Une première pour l'établissement. Rencontre. PAR ÉMILIE SKRZYPCZAK

À part les verres fumés de ses lunettes qui cachent un regard trouble, rien ne pourrait laisser croire qu'Ophélie, élève de seconde au Sacré-Coeur de Tourcoing, est déficiente visuelle. Un mois après la rentrée, la jeune Roncquoise grimpe les escaliers de l'établissement avec une agilité qui n'a pas manqué de surprendre le personnel de l'établissement. « Une fois les lieux repérés, ça va tout seul », explique-t-elle.
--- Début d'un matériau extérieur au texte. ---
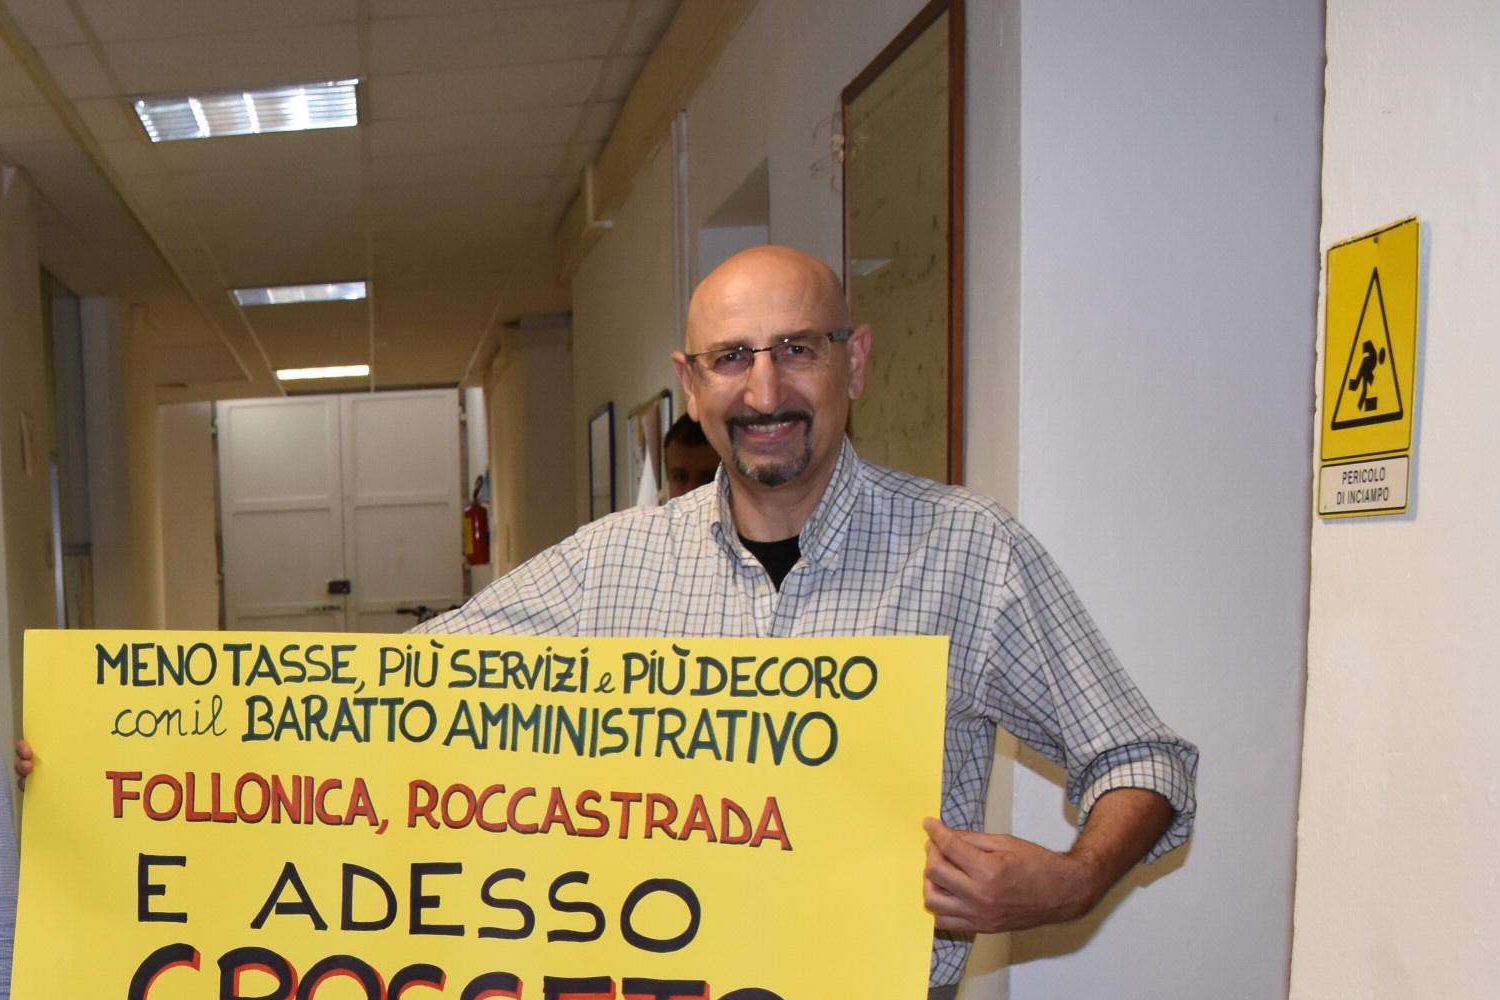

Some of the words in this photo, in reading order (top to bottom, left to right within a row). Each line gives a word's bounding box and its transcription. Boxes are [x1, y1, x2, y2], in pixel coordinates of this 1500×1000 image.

[1336, 491, 1346, 505] DI
[1347, 486, 1389, 505] INCIAMPO
[1341, 466, 1386, 485] PERICOLO
[96, 643, 218, 686] MENO
[223, 643, 366, 693] TASSE,
[593, 672, 616, 693] e
[690, 656, 878, 700] DECORO
[111, 708, 187, 738] con
[241, 694, 437, 742] BARATTO
[442, 699, 838, 767] AMMINISTRATIVO
[105, 770, 390, 835] FOLLONICA,
[407, 780, 793, 852] ROCCASTRADA
[137, 853, 188, 923] E
[250, 861, 701, 953] ADESSO
En cours, elle écoute attentivement et prend ses notes, comme tout le monde. Une aisance qui ferait presque oublier son handicap. Sauf qu'Ophélie s'assied rarement seule sur les bancs de l'école.

Nathalie Thellier, son auxiliaire de vie, l'accompagne dans certains cours au rythme de douze heures par semaine, pour lui dicter ce qu'il y a au tableau, ou lui décrire l'image d'un document. Après l'avoir suivie pendant cinq ans, elle constate une évolution scolaire flagrante. « Ophélie est plus attentive en cours, plus participative et aussi plus rapide dans sa prise de notes. D'ici l'année prochaine, elle devrait s'en sortir toute seule car le but est qu'elle n'ait plus besoin de moi », explique-t-elle.
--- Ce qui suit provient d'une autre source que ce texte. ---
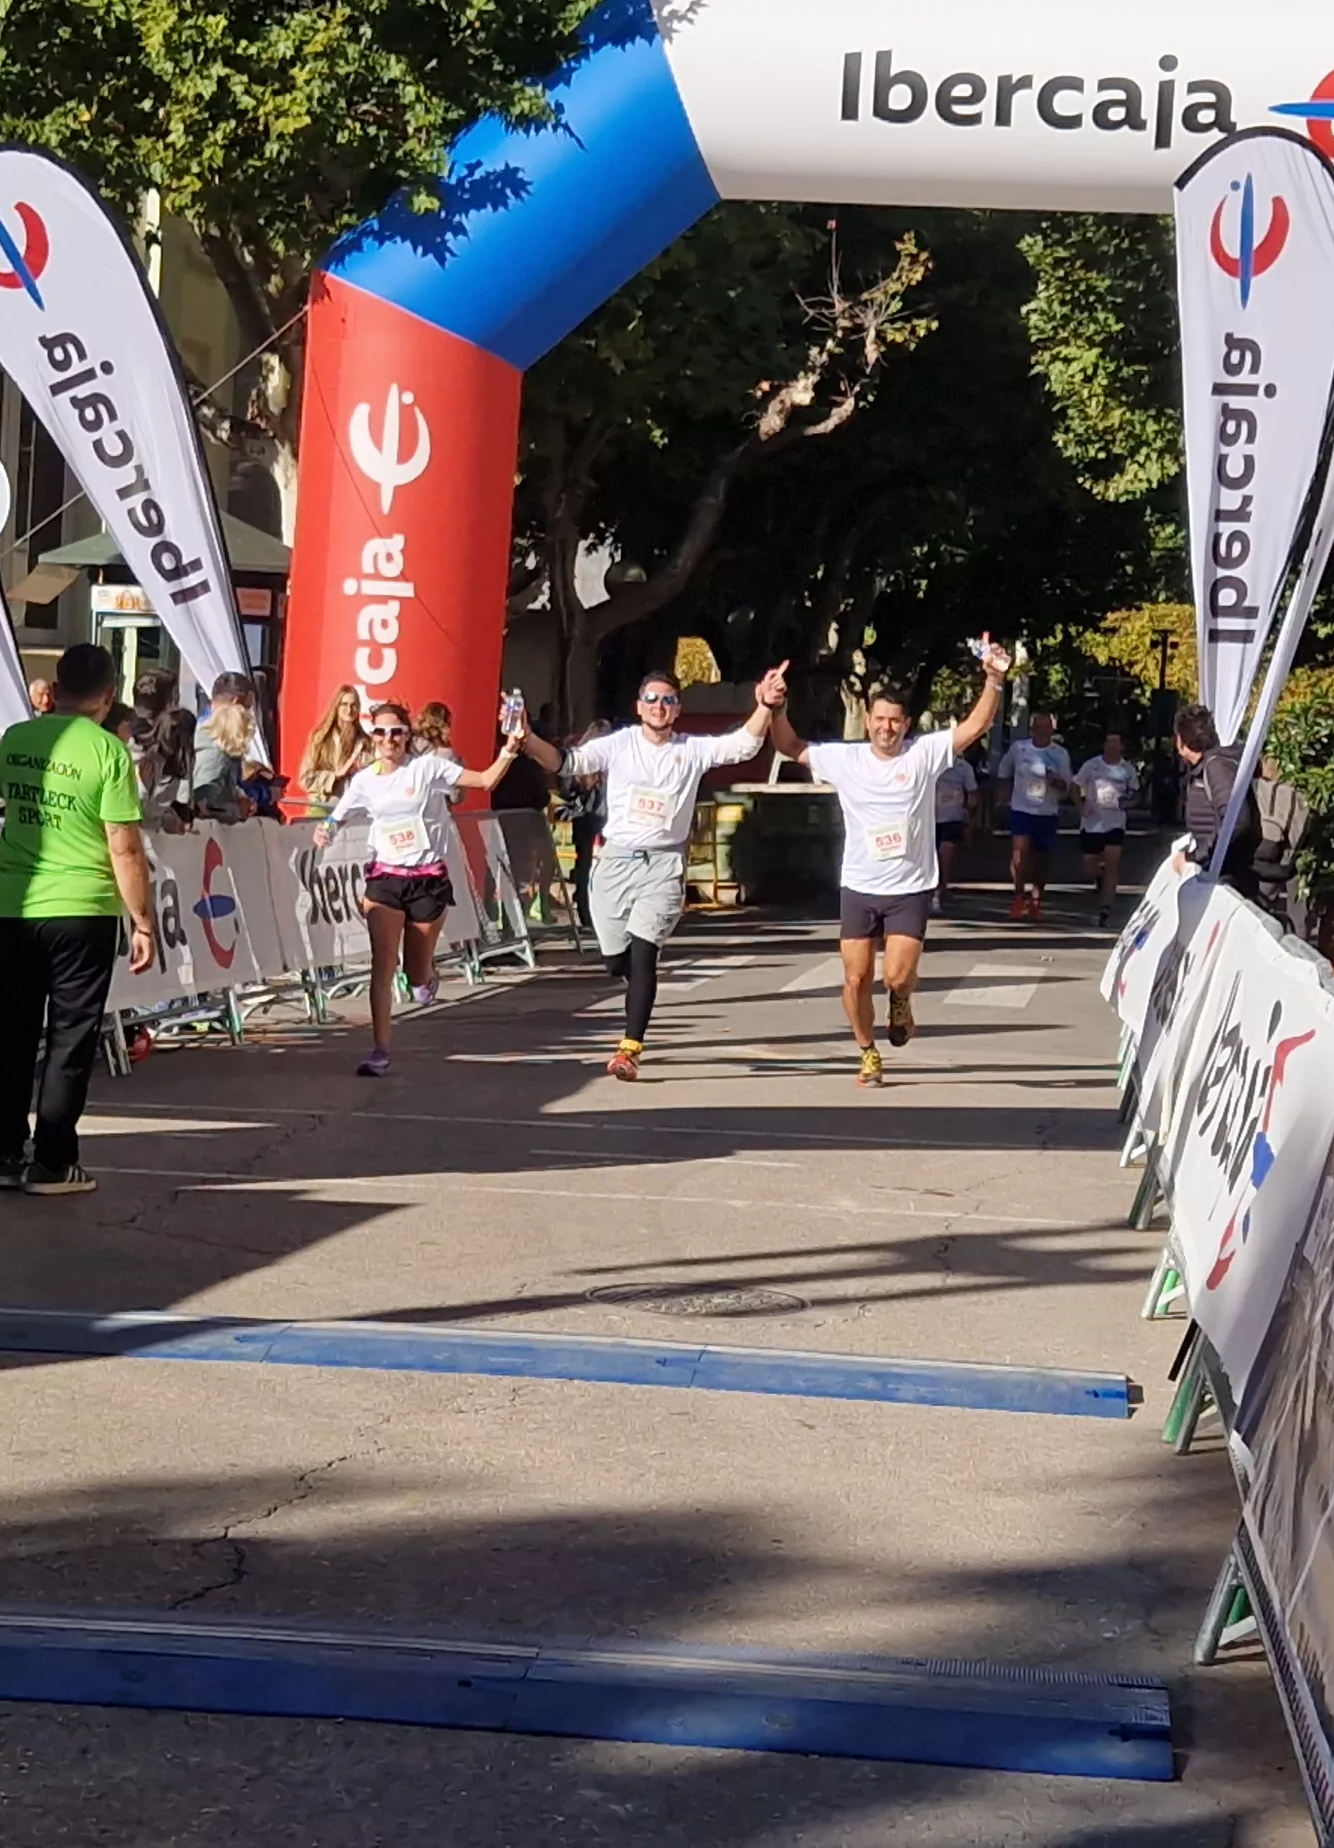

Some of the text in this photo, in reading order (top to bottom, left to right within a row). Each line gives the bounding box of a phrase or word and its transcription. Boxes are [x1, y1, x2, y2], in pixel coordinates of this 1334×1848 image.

[840, 49, 1237, 150] Ibercaja
[18, 804, 62, 831] SPORT
[637, 797, 666, 812] 537
Cette aisance, Ophélie l'a acquise très tôt, un peu malgré elle. « Après avoir arrêté le braille en 6e, j'ai travaillé sur un ordinateur qui est vite tombé en panne. J'ai donc dû faire comme les autres, et puis je me suis habituée », raconte-t-elle, avec une pointe de fierté. Depuis, elle a appris à se débrouiller seule. Tellement qu'elle craint que l'ordinateur, pourtant équipé d'un logiciel adapté commandé par l'établissement ne ralentisse sa course vers l'autonomie. Pourtant, les moyens mis en place par l'équipe pédagogique tendent largement à prouver le contraire. En français par exemple, une plate-forme met à disposition des élèves des textes numérisés étudiés en classe et pouvant être agrandis. Bientôt un stylo numérique lui permettra, grâce à un système de capteurs situés au-dessus du bloc papier, d'agrandir ses cours à 140 %. Un exemple du nouveau dispositif élaboré pour « répondre au mieux aux besoins d'Ophélie », souligne Élisabeth Pauchet, responsable du niveau des secondes (lire ci-dessous). D'ailleurs, c'est en français qu'elle s'en sort le mieux car « elle travaille et se défend bien », assure Mme De Maen, sa professeur principale.
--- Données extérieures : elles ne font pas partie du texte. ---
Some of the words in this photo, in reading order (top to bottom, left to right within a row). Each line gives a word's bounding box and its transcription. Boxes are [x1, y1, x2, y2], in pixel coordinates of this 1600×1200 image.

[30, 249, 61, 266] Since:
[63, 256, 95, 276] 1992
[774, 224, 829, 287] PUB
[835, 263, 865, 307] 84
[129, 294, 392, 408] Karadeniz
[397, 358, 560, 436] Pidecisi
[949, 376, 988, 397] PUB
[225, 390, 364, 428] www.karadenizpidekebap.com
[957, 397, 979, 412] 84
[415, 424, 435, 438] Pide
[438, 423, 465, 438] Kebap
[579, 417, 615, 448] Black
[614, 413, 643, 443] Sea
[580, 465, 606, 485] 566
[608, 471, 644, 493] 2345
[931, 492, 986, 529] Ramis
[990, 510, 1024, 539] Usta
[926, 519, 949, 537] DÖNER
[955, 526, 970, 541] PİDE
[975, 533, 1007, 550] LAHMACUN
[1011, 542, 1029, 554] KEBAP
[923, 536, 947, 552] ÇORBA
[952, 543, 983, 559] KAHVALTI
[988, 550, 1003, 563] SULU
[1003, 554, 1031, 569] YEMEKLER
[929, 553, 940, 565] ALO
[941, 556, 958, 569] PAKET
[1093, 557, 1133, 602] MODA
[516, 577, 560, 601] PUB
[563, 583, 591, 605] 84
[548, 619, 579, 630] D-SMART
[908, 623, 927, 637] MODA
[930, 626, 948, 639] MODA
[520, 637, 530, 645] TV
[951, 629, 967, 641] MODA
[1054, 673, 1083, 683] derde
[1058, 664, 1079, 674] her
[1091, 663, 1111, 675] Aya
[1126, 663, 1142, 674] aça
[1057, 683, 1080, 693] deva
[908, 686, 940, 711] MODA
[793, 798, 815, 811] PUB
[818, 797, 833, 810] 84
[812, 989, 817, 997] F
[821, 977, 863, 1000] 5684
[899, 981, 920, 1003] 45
Mais elle a beau préférer la langue de Molière à celle de Pythagore, c'est encore celle de Shakespeare qu'elle apprécie le plus. Ses nombreux voyages à l'étranger et, dernièrement, son séjour linguistique à Oxford, lui ont ouvert le coeur au monde, et un accès efficace vers l'autonomie. Plus tard, elle aimerait travailler dans les langues « pour aller partout et pouvoir parler ». Comme si les mots lui offraient ce que les yeux lui refusent.


« Nous avons aménagé une salle de classe pour elle au rez-de-chaussée. »
mercredi 15.10.2008, 05:06 - La Voix du Nord

C'est la première fois que vous accueillez une élève avec ce type de handicap, comment avez-vous préparé son arrivée ?

« Nous avons organisé deux réunions d'informations avant la rentrée. Ces rencontres avec des représentants de l'institut des jeunes aveugles (IJA) et l'enseignant référent d'Ophélie nous ont permis d'échanger une multiplicité d'informations. Cela a également permis de rassurer les professeurs. »

Quels dispositifs avez-vous dû mettre en place pour l'accueillir ?
« Il fallait qu'Ophélie puisse travailler dans un environnement calme. Nous avons donc aménagé une salle de classe pour elle au rez-de-chaussée où sont dispensés la majorité de ses cours. Et son casier a été installé à proximité. De même, son placement en classe a été pensé pour l'aider au mieux. »

Êtes-vous prêts à en accueillir d'autres ?

« Bien sûr. Nous accueillons déjà des élèves qui ont d'autres types de problèmes. Nous voulons rester ouverts à la différence et nous nous engageons dans cette voie. Nous nous équiperons petit à petit. »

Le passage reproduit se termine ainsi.